## REQUIRED WORK
Apart from the pictures, output all of the records exactly.

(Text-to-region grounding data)
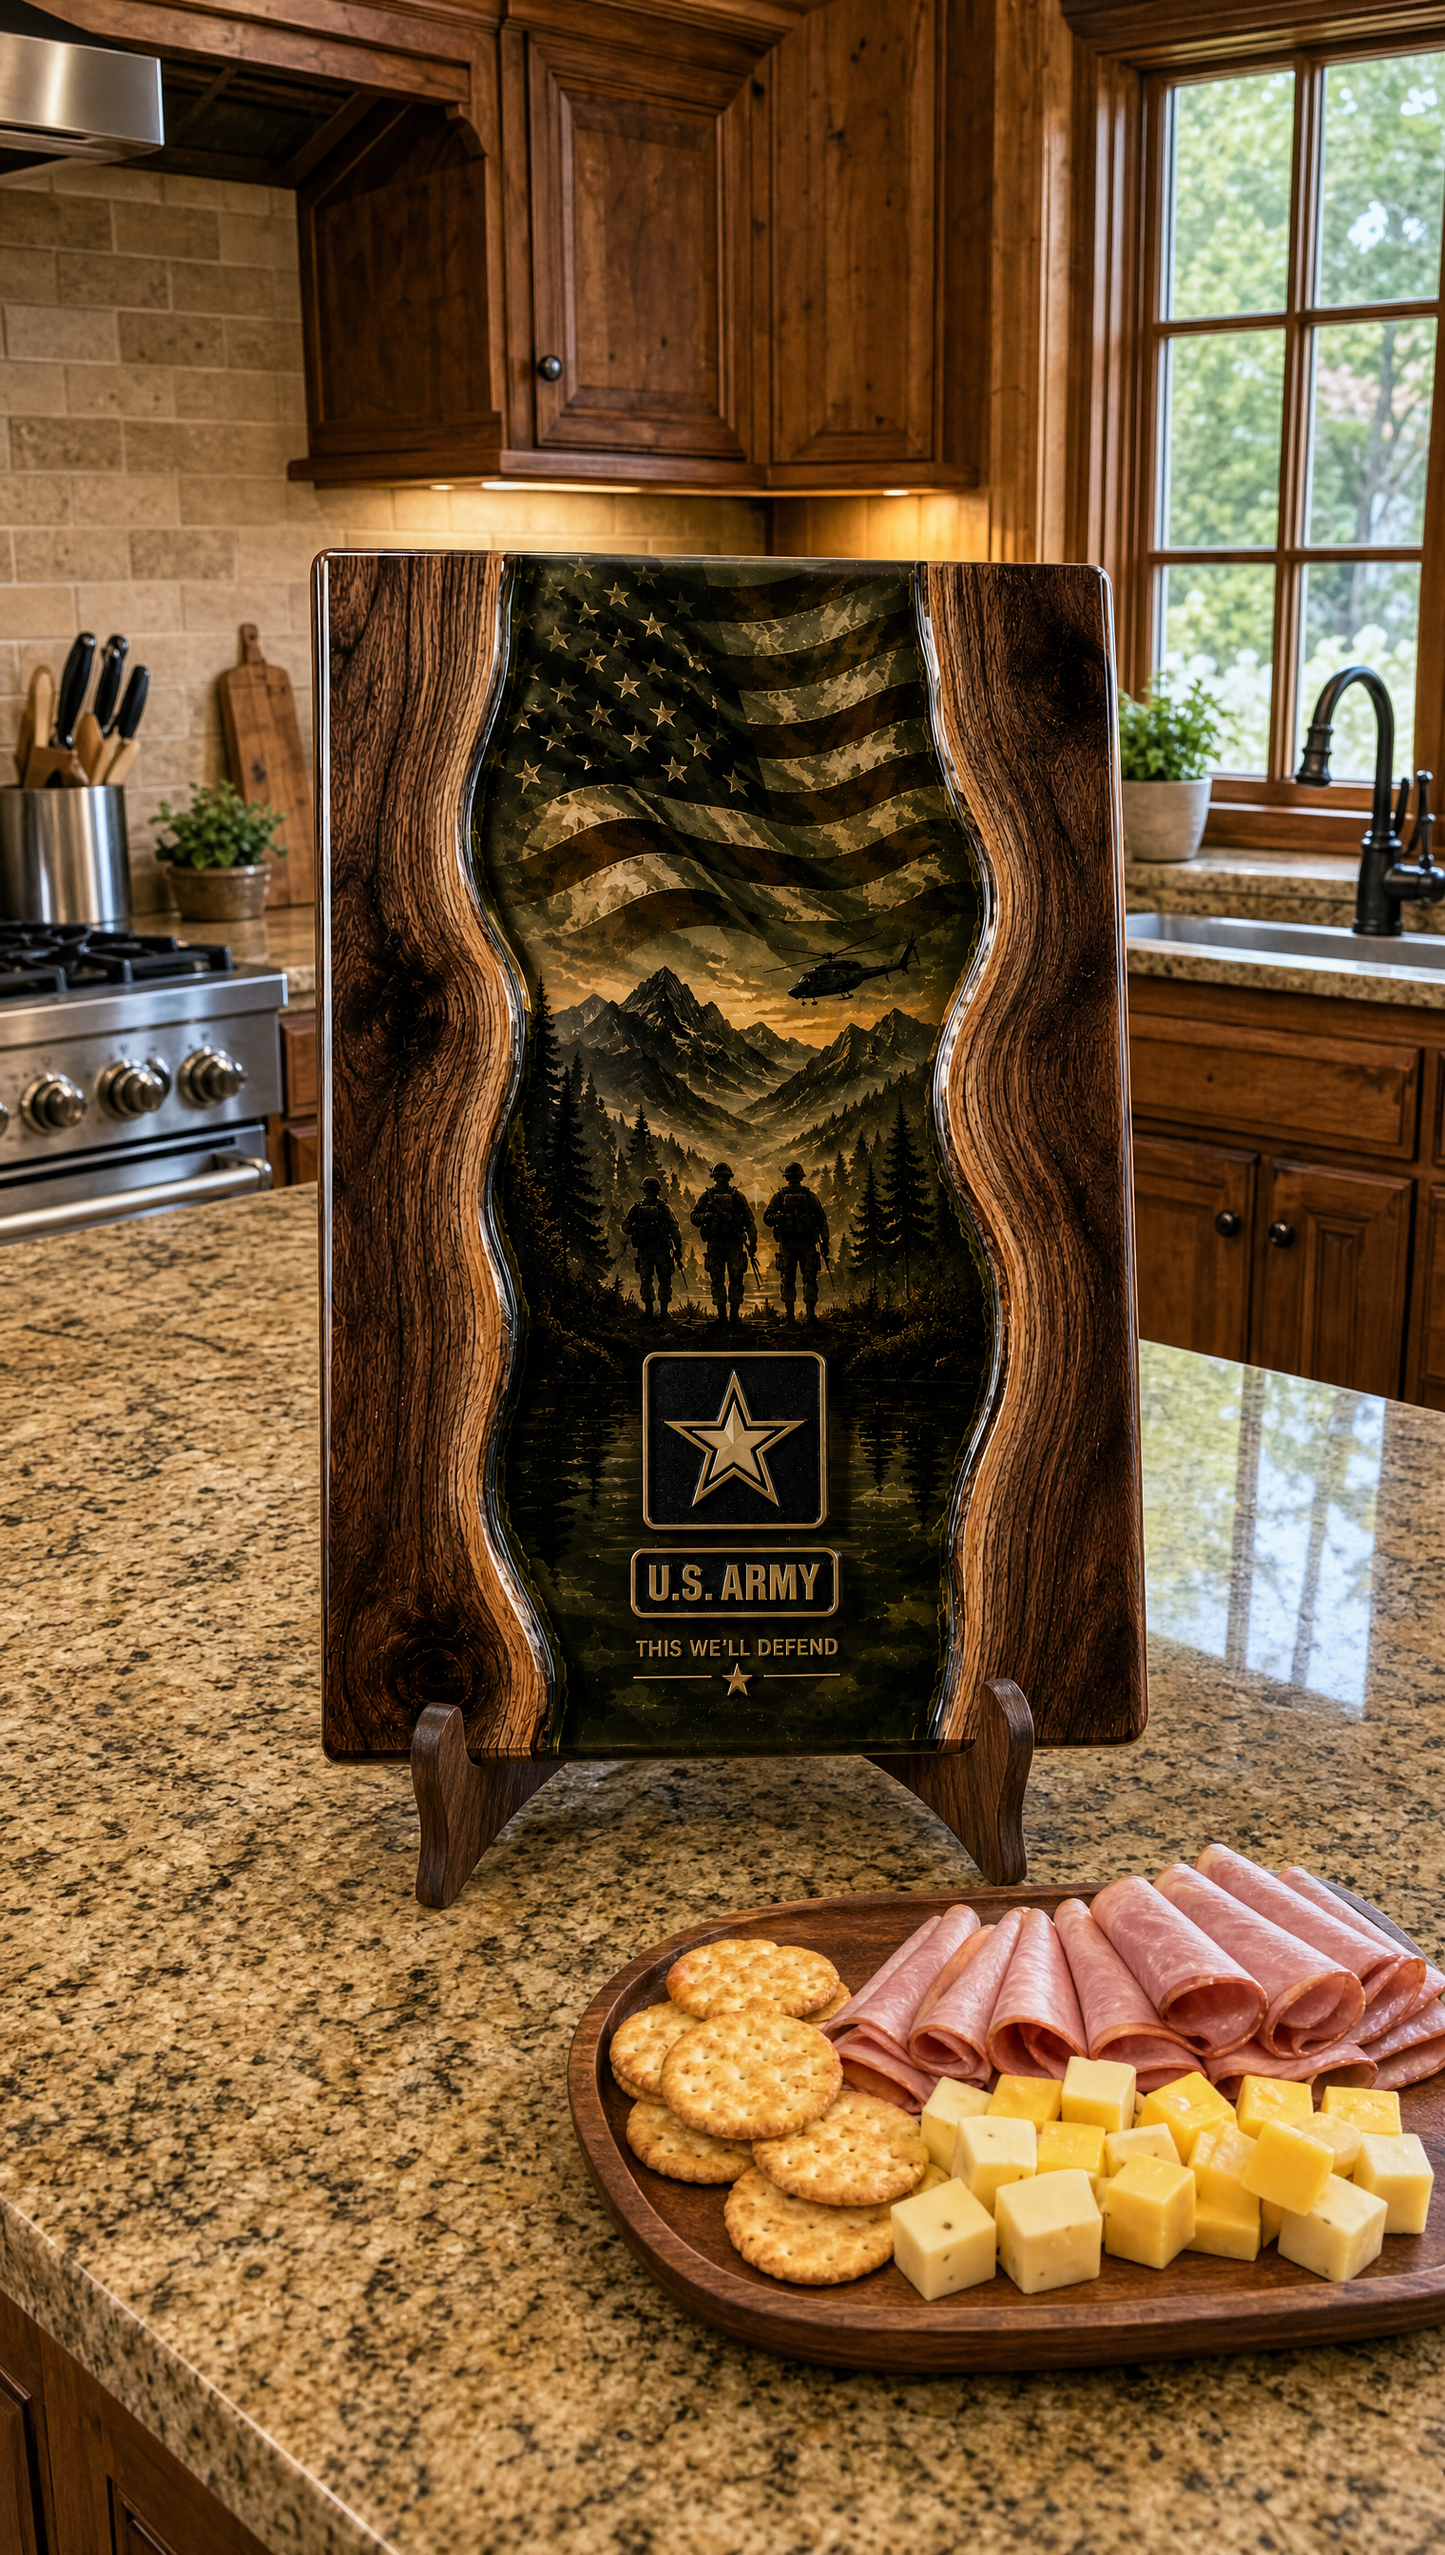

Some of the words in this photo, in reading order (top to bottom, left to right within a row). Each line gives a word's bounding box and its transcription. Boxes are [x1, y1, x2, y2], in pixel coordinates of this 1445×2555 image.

[648, 1564, 713, 1601] U.S.
[720, 1563, 820, 1601] ARMY
[635, 1639, 683, 1657] THIS
[689, 1639, 751, 1657] WE'LL
[757, 1637, 839, 1657] DEFEND

## WRITTEN SOLUTION
Some of the words in this photo, in reading order (top to bottom, left to right within a row). Each line gives a word's bounding box and its transcription. Boxes are [x1, y1, x2, y2], in pixel coordinates of this 1445×2555 image.

[648, 1564, 713, 1601] U.S.
[720, 1563, 820, 1601] ARMY
[635, 1639, 683, 1657] THIS
[689, 1639, 751, 1657] WE'LL
[757, 1637, 839, 1657] DEFEND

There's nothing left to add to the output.